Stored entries
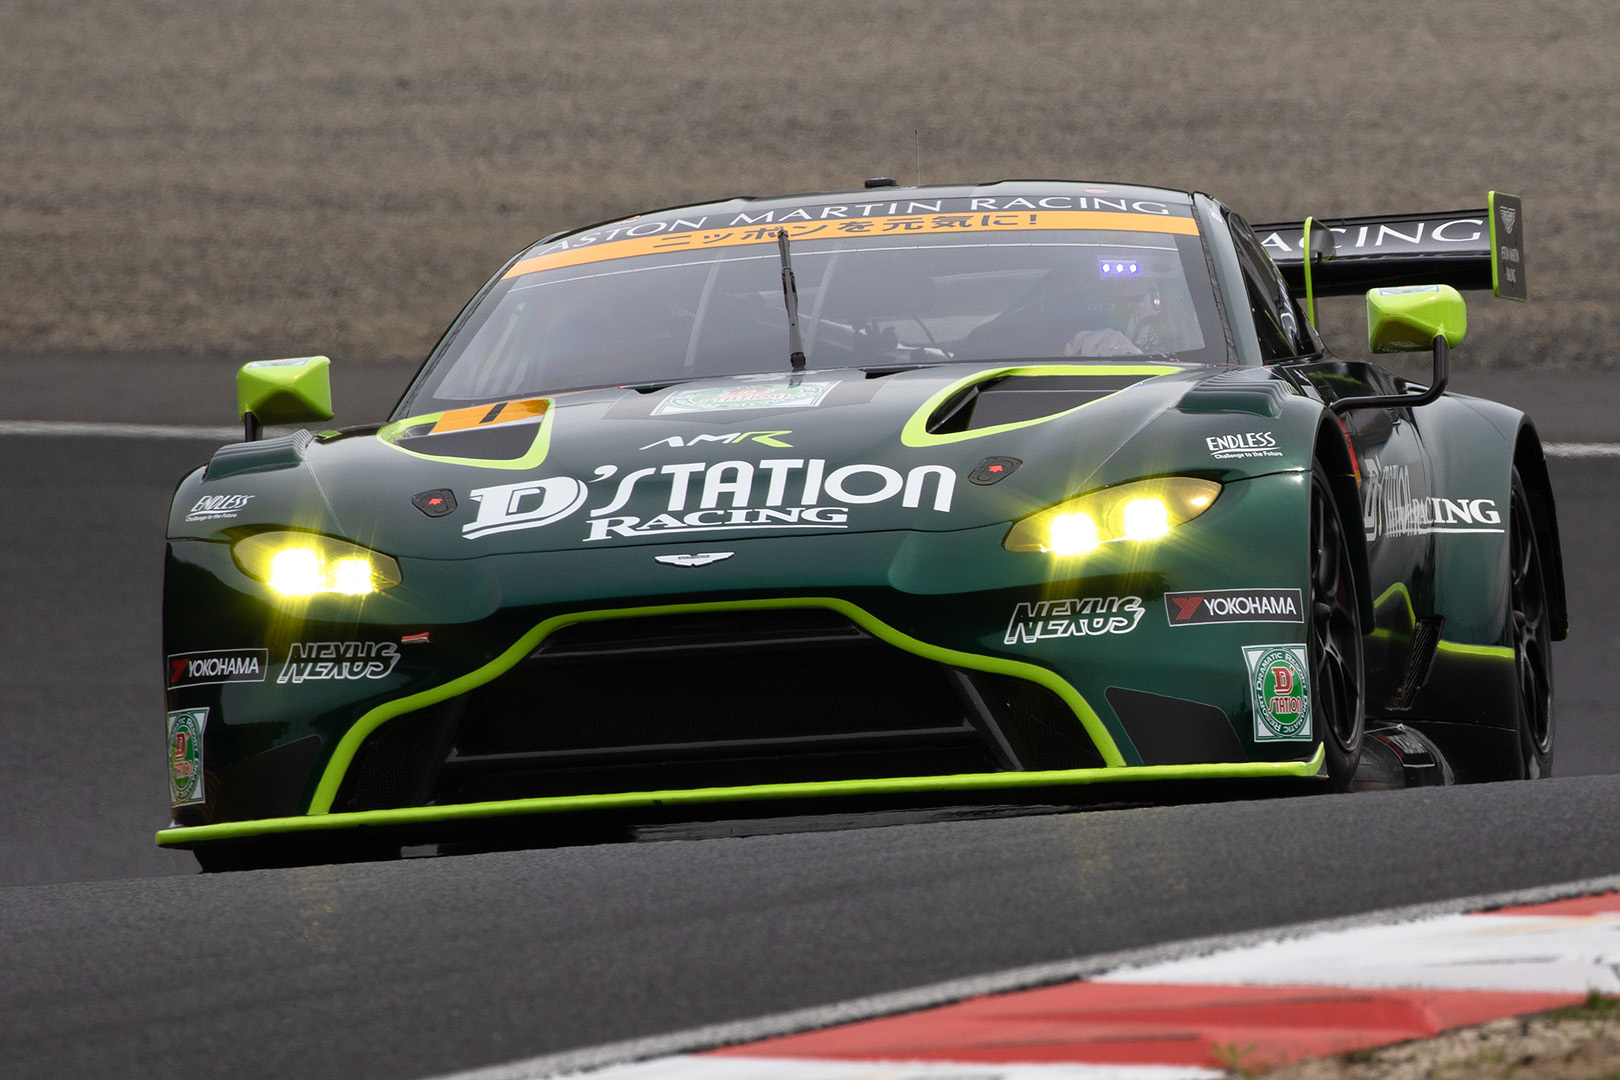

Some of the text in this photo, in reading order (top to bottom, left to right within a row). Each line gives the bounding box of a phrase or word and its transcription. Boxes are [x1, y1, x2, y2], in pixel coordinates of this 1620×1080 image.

[539, 196, 1169, 256] ASTON MARTIN RACING
[639, 430, 794, 450] AMR
[1205, 431, 1277, 451] ENDLESS
[190, 494, 255, 512] ENDLESS
[582, 507, 849, 542] RACING
[1203, 596, 1297, 616] YOKOHAMA
[1004, 596, 1145, 645] NEXUS
[188, 657, 260, 678] YOKOHAMA
[277, 642, 401, 684] NEXUS
[1256, 652, 1283, 691] DRAMATIC
[1268, 695, 1304, 715] STATION

• [TRY IT]: With the images omitted, repeat all the data word for word.

• [PROBLEM SOLUTION]:
Some of the text in this photo, in reading order (top to bottom, left to right within a row). Each line gives the bounding box of a phrase or word and its transcription. Boxes are [x1, y1, x2, y2], in pixel coordinates of this 1620×1080 image.

[539, 196, 1169, 256] ASTON MARTIN RACING
[639, 430, 794, 450] AMR
[1205, 431, 1277, 451] ENDLESS
[190, 494, 255, 512] ENDLESS
[582, 507, 849, 542] RACING
[1203, 596, 1297, 616] YOKOHAMA
[1004, 596, 1145, 645] NEXUS
[188, 657, 260, 678] YOKOHAMA
[277, 642, 401, 684] NEXUS
[1256, 652, 1283, 691] DRAMATIC
[1268, 695, 1304, 715] STATION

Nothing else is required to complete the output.